The gaps can be split into roughly two distinct groups: people who work on short term PAYE contracts and are not covered by the Coronavirus Job Retention Scheme (CJRS) and people who aren’t covered by the Self-Employed Income Support Scheme (SEISS).

Across the creative industries there are people who regularly work PAYE contracts as their main source of income but were not in a contract on 28 February and did not start another contract after that date. Our latest survey shows around half of all those who work in this way in the film and TV sector are in this predicament. With no employer able to furlough them, it is essential that the government steps in.

We think the Treasury should set up a new Freelance Worker Income Support Scheme using the PAYE data they have to calculate average earnings for people who declare as ‘PAYE freelancers’ and compensate them at the 80% rate directly without going through an employer’s payroll system. Where furloughing under the JRS is possible this would still be encouraged.

These freelancers aren’t the only group left out. Nearly two million workers in the UK are set up as Personal Service Companies (PSCs).
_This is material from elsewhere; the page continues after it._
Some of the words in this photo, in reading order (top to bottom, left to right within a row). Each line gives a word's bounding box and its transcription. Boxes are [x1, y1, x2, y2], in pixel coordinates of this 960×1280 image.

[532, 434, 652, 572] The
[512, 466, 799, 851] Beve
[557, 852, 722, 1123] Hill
This is often the only option in the industries they work in, and we know some have been forced into this position against their will by engagers, however it leaves them unable to fully access either the CJRS or the Self-employment Income Support Scheme because they will take most of their income in dividends from their own company.
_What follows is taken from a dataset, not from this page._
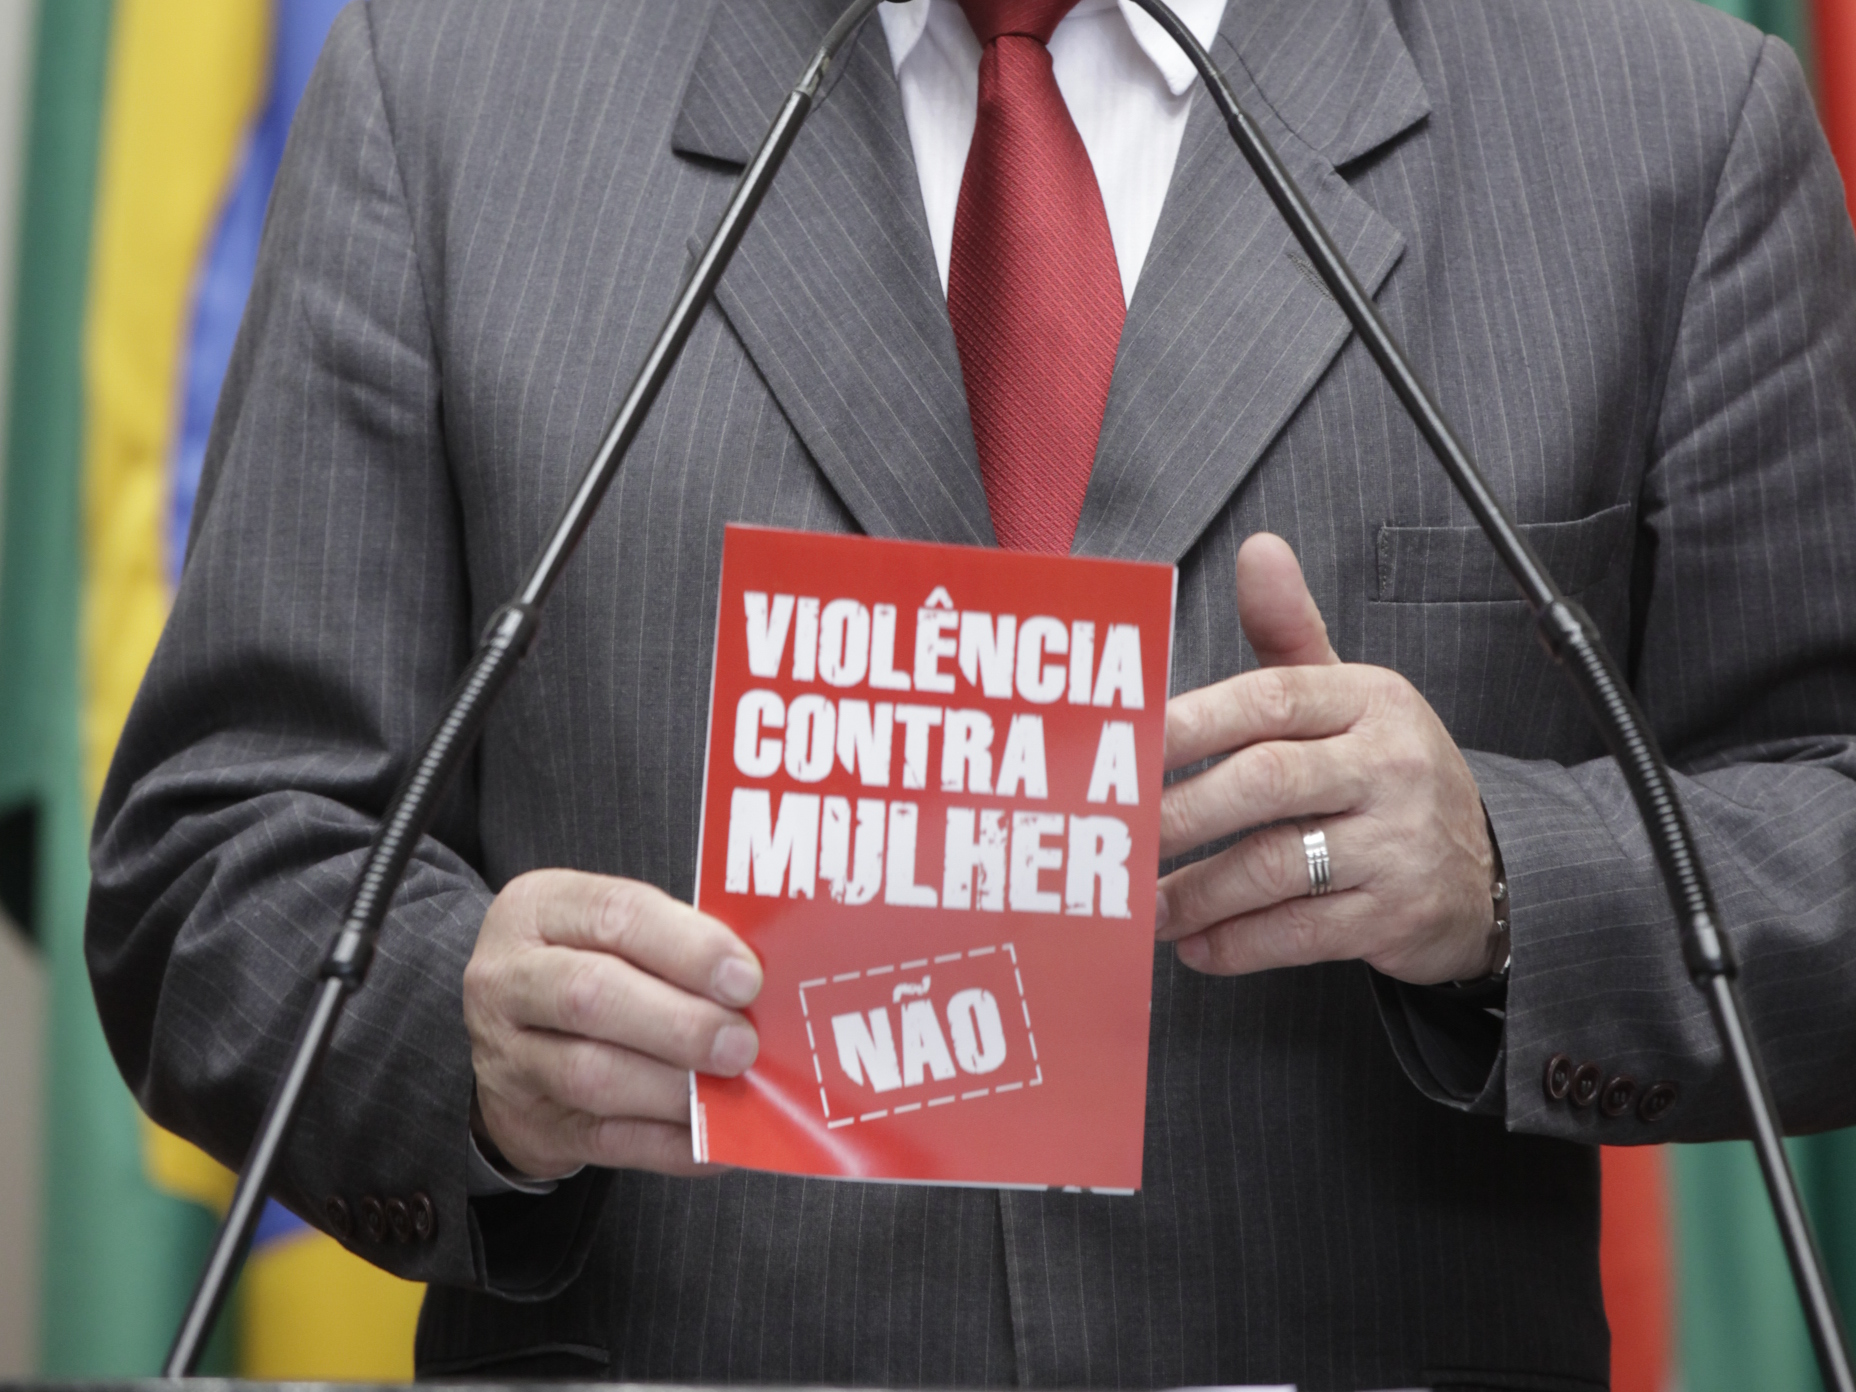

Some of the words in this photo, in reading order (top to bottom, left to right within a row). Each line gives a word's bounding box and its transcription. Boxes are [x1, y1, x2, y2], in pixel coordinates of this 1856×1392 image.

The issue for the Treasury is the difficulty of distinguishing PSC dividend income from income from other dividends and designing a system that does not reward people for dividend income not derived from PSCs.

We have proposed two potential work-around solutions to the Treasury that could help this group and make sure they can access support that reflects their true income and helps the get through this crisis. One involves looking at dividend vouchers and the other looking at self-assessment returns combined with the balance sheet of a PSC.

We have also raised concerns about people who might lose out on support because they have been ill or taken maternity leave during the period used for calculating average income. Limiting access to the SEISS for those who have earned over £50,000 profit over three years is also a very sharp cliff-edge for a single income household who has made £51,000 profit, for example.

Bectu will continue to raise the plight of freelancers

These may seem like minor holes in what is a mammoth programme of support, but for every worker who falls foul of these technicalities it is the difference between economic survival and disaster.

The solutions we have put forward are realistic. Before the Treasury starts thinking about how we recover economically from the effects of coronavirus it must ensure that everyone has a safety net to fall back on.

Bectu members have already waited patiently for help. They can’t be forgotten just because they don’t fit into a neat box. The government has already delivered for the majority of the economy but it can’t stop now.

Our people are the backbone of the creative industries and we will not allow them to be financially ruined. To do so will irreparably damage a sector that contributes over £100 billion annually to the UK economy.